If I may offer a divergent view of this book, I would have to say that reading this book reminded me of a Neal Stephenson novel, if Neal Stephenson lacked insight, intellectual rigor, careful research and was a really boring, bad writer. Oh yeah, and if Neal Stephenson tried to pass off his fiction as non-fiction.

The basic thesis of this collection of scattered essays is that the majority of the world's people are poor, ignorant and violent, and that society will eventually disintegrate into various feuding clans and gangs, with the only exception to this chaos being a new system of interlocking corporate and national interestes in America and Europe. He does mention the phenomenea of gated communities and transnational gangs. He doesn't quite go as far as proposing mafia ran pizza delivery, however; probably because he is not creative enough.

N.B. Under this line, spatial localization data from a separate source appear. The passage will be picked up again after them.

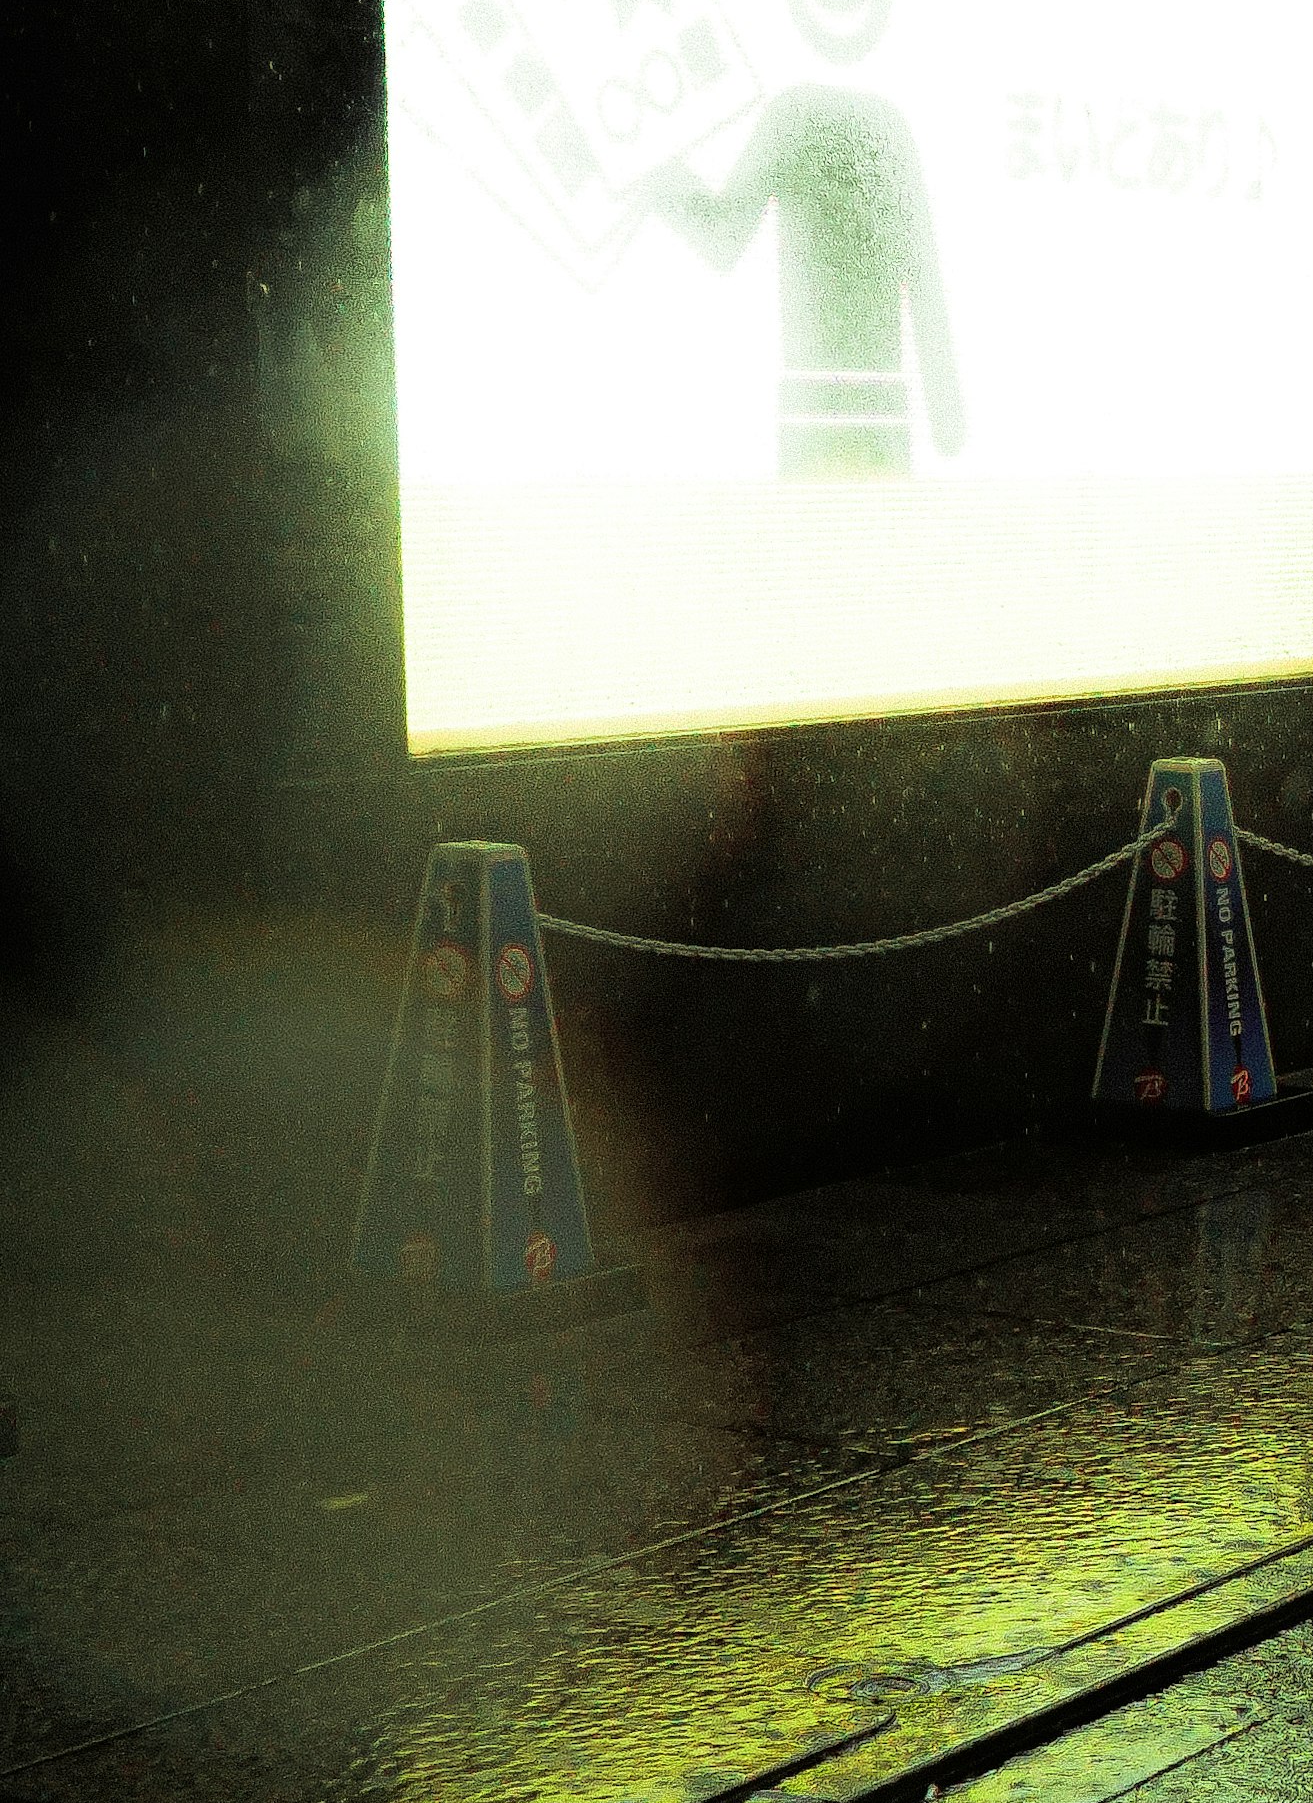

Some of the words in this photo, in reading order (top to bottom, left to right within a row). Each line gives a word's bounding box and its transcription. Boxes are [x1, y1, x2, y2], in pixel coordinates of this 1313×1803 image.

[1141, 888, 1179, 1028] 駐輪禁止
[1215, 886, 1233, 924] NO
[509, 1007, 531, 1052] NO
[1221, 930, 1242, 1038] PARKING
[513, 1059, 543, 1196] PARKING
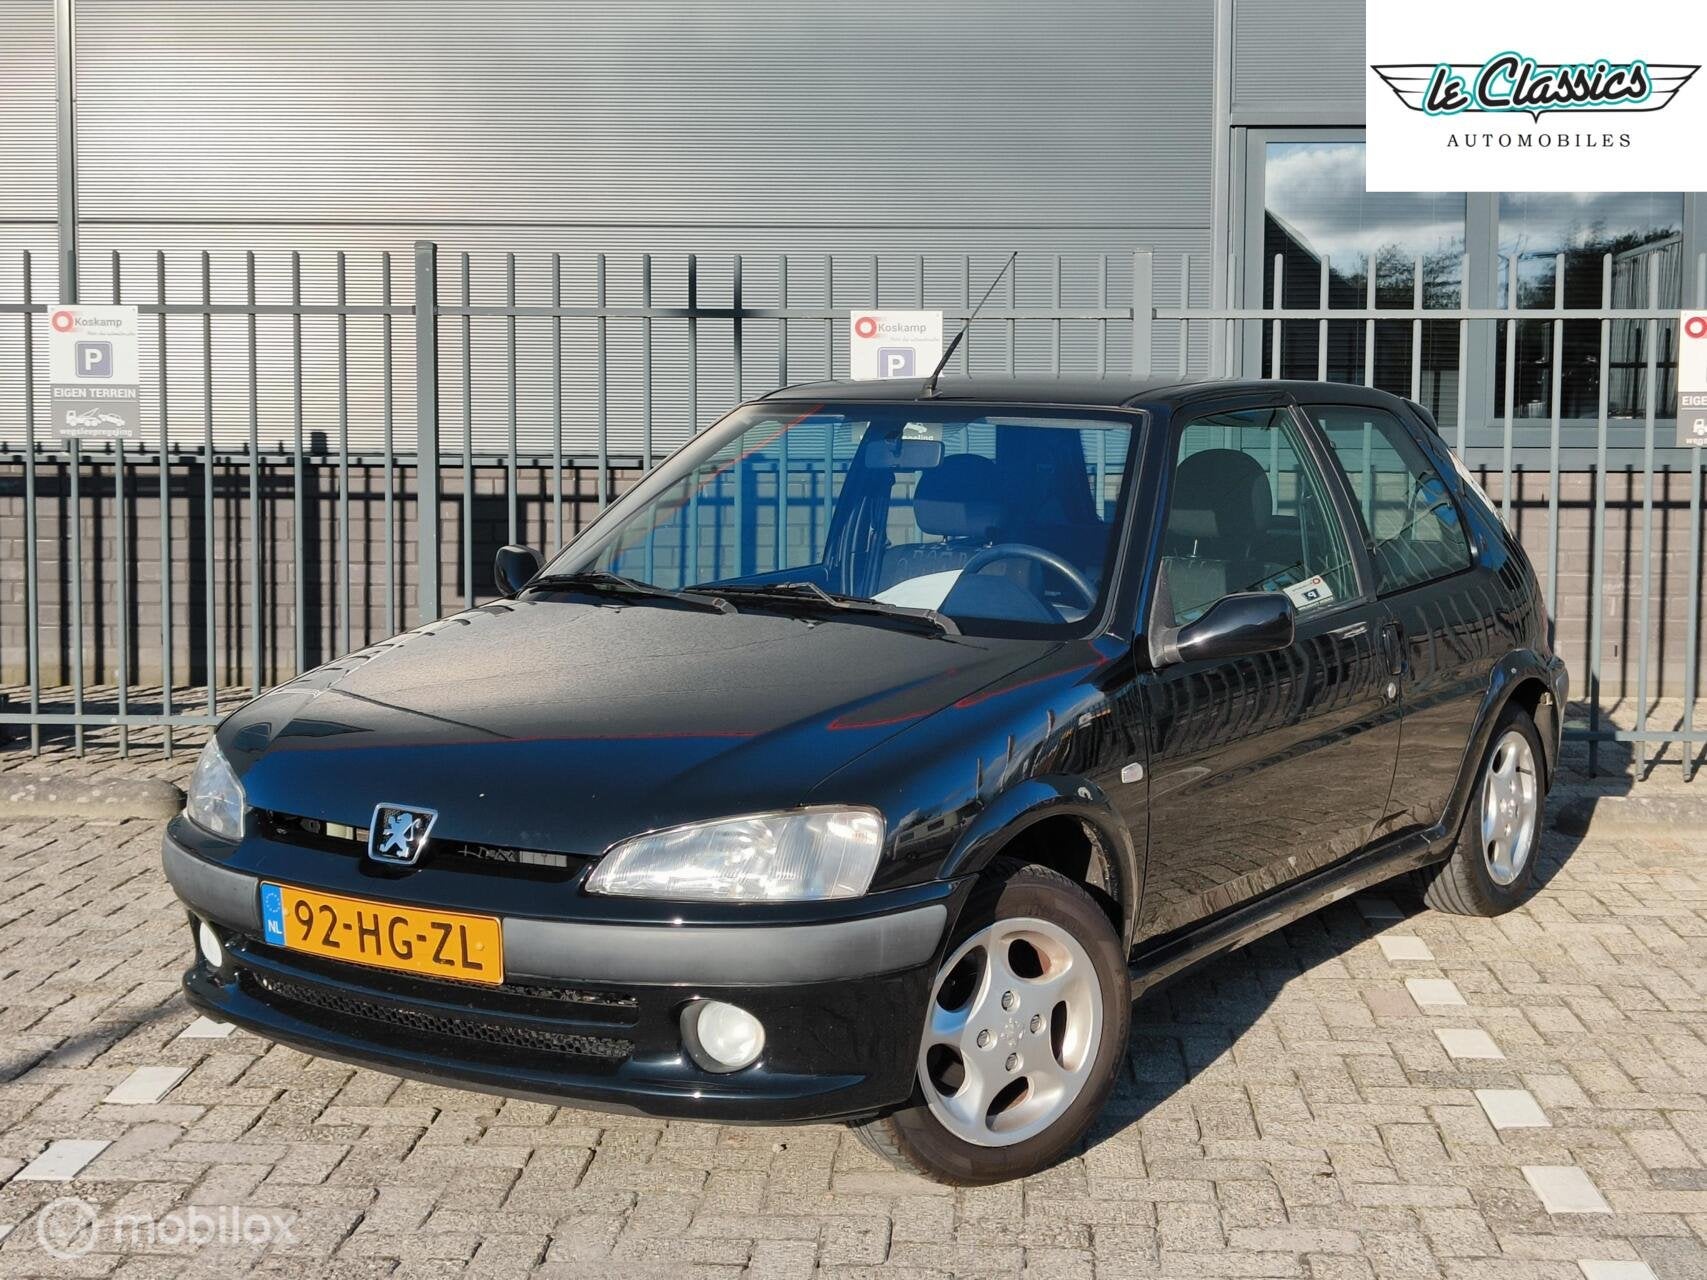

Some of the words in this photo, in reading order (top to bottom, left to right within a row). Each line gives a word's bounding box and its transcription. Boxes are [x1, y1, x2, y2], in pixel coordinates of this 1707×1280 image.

[75, 318, 122, 327] Koskamp
[878, 323, 927, 333] Koskamp
[85, 349, 102, 370] P
[888, 355, 905, 377] P
[54, 388, 87, 398] EIGEN
[90, 388, 137, 398] TERREIN
[268, 920, 283, 935] NL
[294, 900, 483, 971] 92-HG-ZL
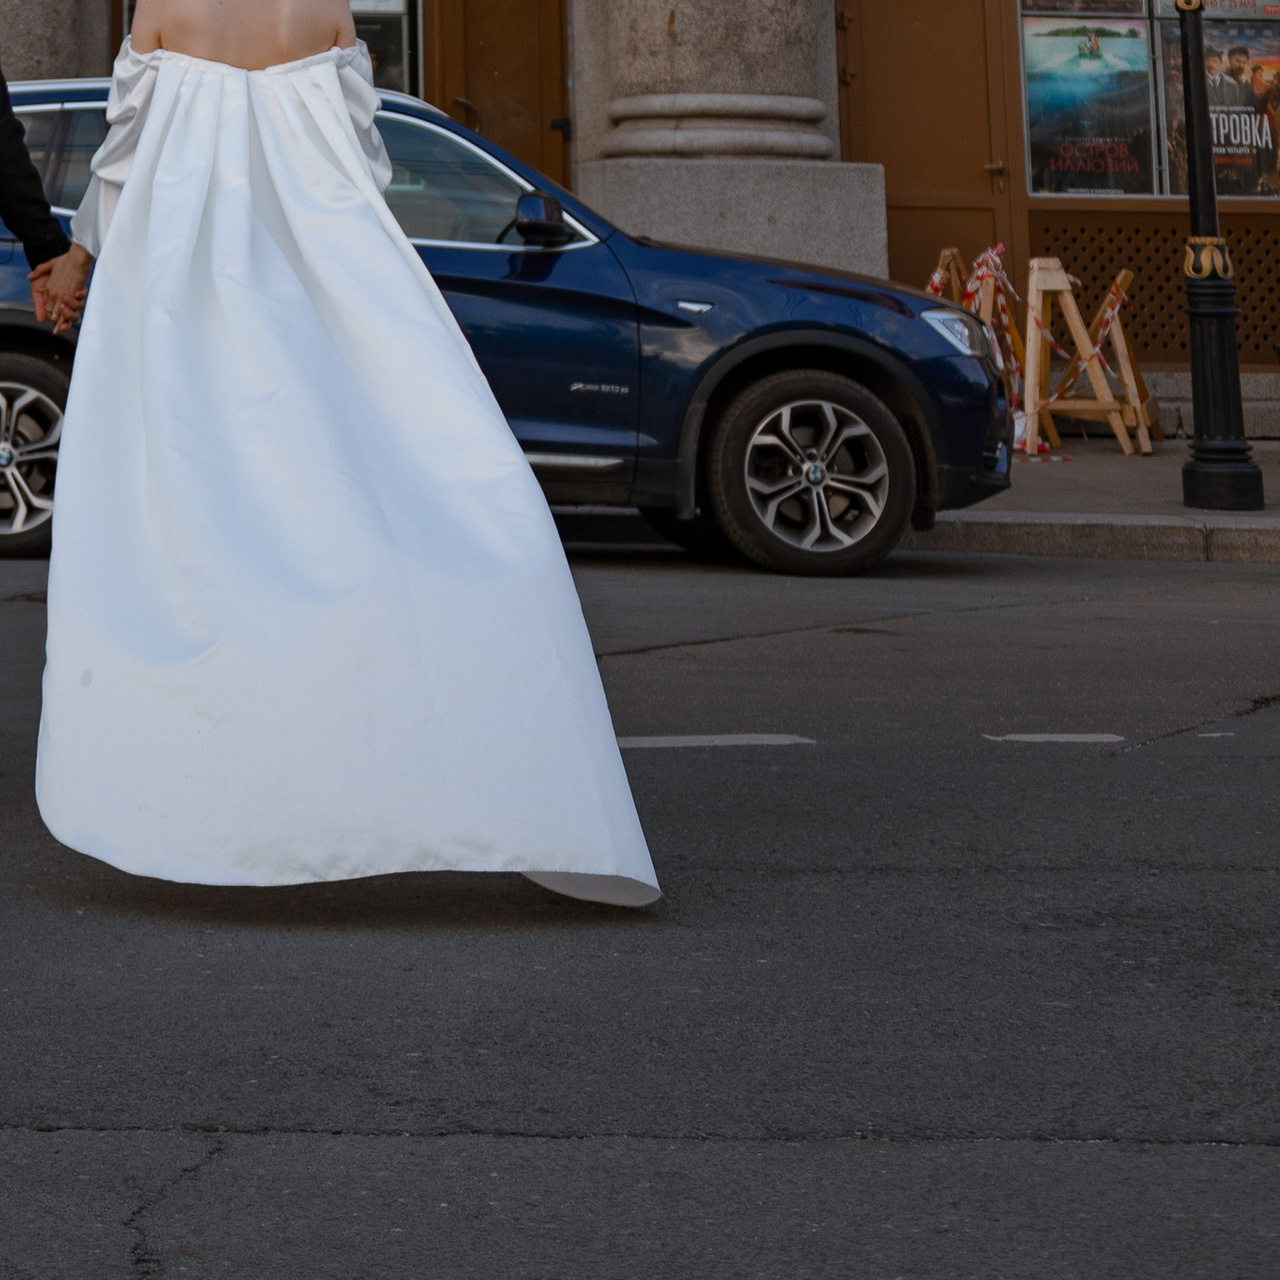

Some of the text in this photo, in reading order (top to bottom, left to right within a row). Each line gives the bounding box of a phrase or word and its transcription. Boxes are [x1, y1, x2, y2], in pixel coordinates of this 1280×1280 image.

[1210, 113, 1273, 150] ТРОВКА
[1060, 142, 1128, 158] ОСТРОВ
[1050, 157, 1139, 173] ИЛЛЮЗИЙ
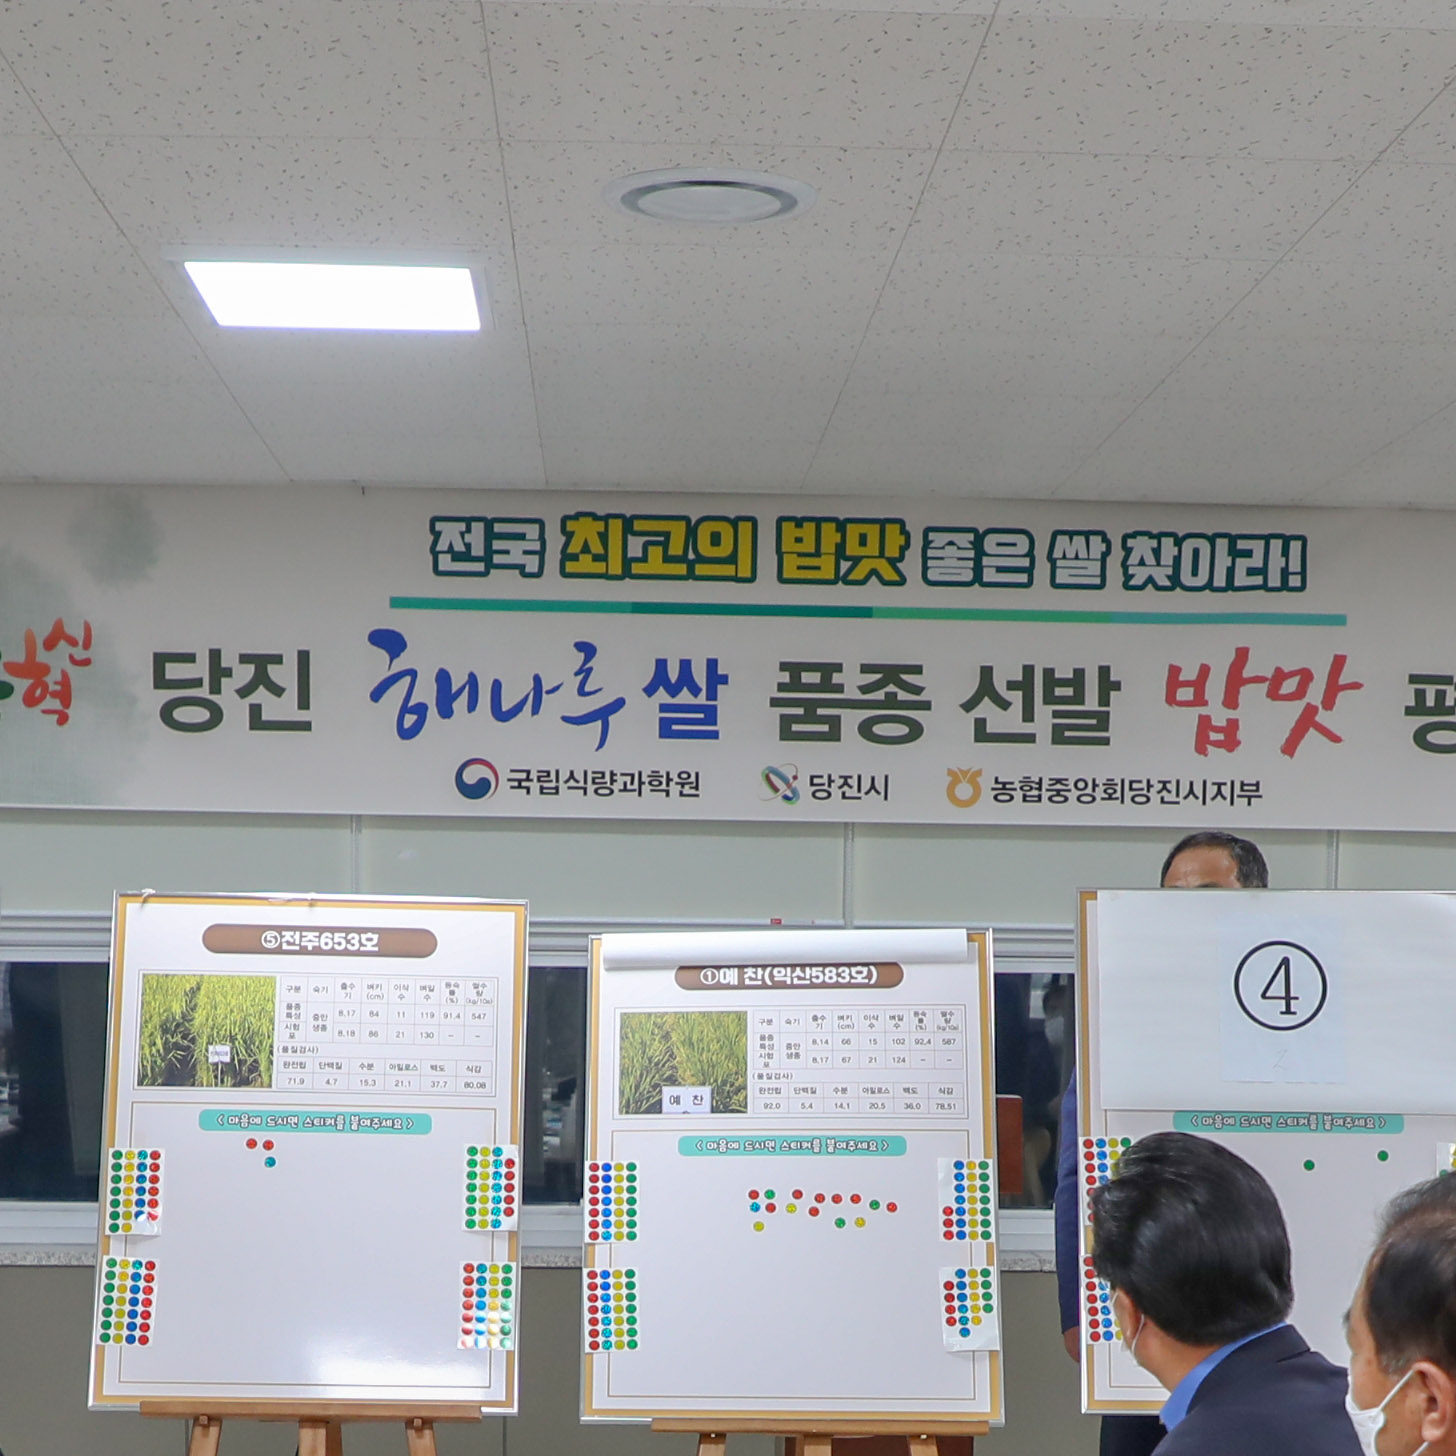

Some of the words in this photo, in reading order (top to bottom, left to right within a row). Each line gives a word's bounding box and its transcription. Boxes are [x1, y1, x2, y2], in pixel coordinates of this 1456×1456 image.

[429, 516, 545, 578] 전국
[559, 512, 758, 580] 최고의
[776, 516, 909, 586] 밥맛
[922, 527, 1034, 588] 좋은
[1048, 530, 1109, 590] 쌀
[1122, 532, 1307, 592] 찾아라!
[152, 647, 313, 733] 당진
[769, 661, 932, 745] 품종
[959, 664, 1122, 746] 선발
[1164, 646, 1364, 759] 밥맛
[507, 769, 700, 797] 국립식량과학원
[809, 773, 890, 801] 당진시
[991, 775, 1263, 806] 농협중앙회당진시지부
[744, 966, 878, 986] 찬(익산583호)
[367, 992, 384, 1000] (cm)
[443, 1012, 460, 1020] 91.4
[360, 1079, 376, 1087] 15.3
[669, 1094, 681, 1105] 예
[228, 1114, 262, 1128] 마음에
[267, 1115, 298, 1127] 드시면
[304, 1116, 344, 1129] 스티커를
[350, 1115, 402, 1130] 붙여주세요
[1202, 1115, 1235, 1128] 마음에
[1240, 1116, 1272, 1127] 드시면
[1277, 1115, 1317, 1129] 스티커를
[1323, 1115, 1375, 1129] 붙여주세요
[706, 1138, 739, 1152] 마음에
[744, 1140, 776, 1151] 드시면
[780, 1138, 821, 1152] 스티커를
[827, 1139, 877, 1152] 붙여주세요

All of this book seems rather interesting, and some of the ideas about the gloomy coming century are somewhat interesting, but I think Robert D. Kaplan doesn't really have the background to discuss them. They would be interesting ideas in dystopic science fiction, but I find his support for such ideas rather narrow. In some areas of the world that he speaks of, I don't have the back ground to judge his rantings, but when he says:

Large-scale population movements are under way, from inland China to coastal China and from villages to cities, leading to a crime surge like the one in Africa and to growing regional disparities and conflicts in a land with a strong tradition of warlordism and a weak tradition of central government-again as in Africa.
Page 25-26
Thus, he neatly compresses the worlds largest and oldest nation's history down into a pat little sentence, which while true (in the past 4000 years, China has been ruled by warlords at times) very much ignores the traditional Chinese focus on education and the social contempt for the military in Chinese society.

He does make some good points. He says, and I do believe, that certain areas of the third world's continued inability to lift themselves out of war and poverty is not due to the effects of capitalism and colonialism, but due in some part to the illiteracy and tribalism of various countries; and that those countries becoming "democratic" overnight is an idle dream, when what they need first is institutions to build an educated middle class.

However, whatever good points he makes are irrelevant due to his overwhelming inability (quite common amongst American thinkers) to realize the difference between a prescriptive and descriptive truth, and his inability to make a case that the world situation he describes makes it at all morally acceptable to engage in the types of war and politics he favors. In addition, his personal air puts me off: Mencius said: there is no difference between killing a man with a sword, and killing a man with a government policy. That Kaplan would suggest oppressing people in the ways he does, without realizing that he might as well be killing them personally (something he is probably incapable of doing) makes me discount his thinking.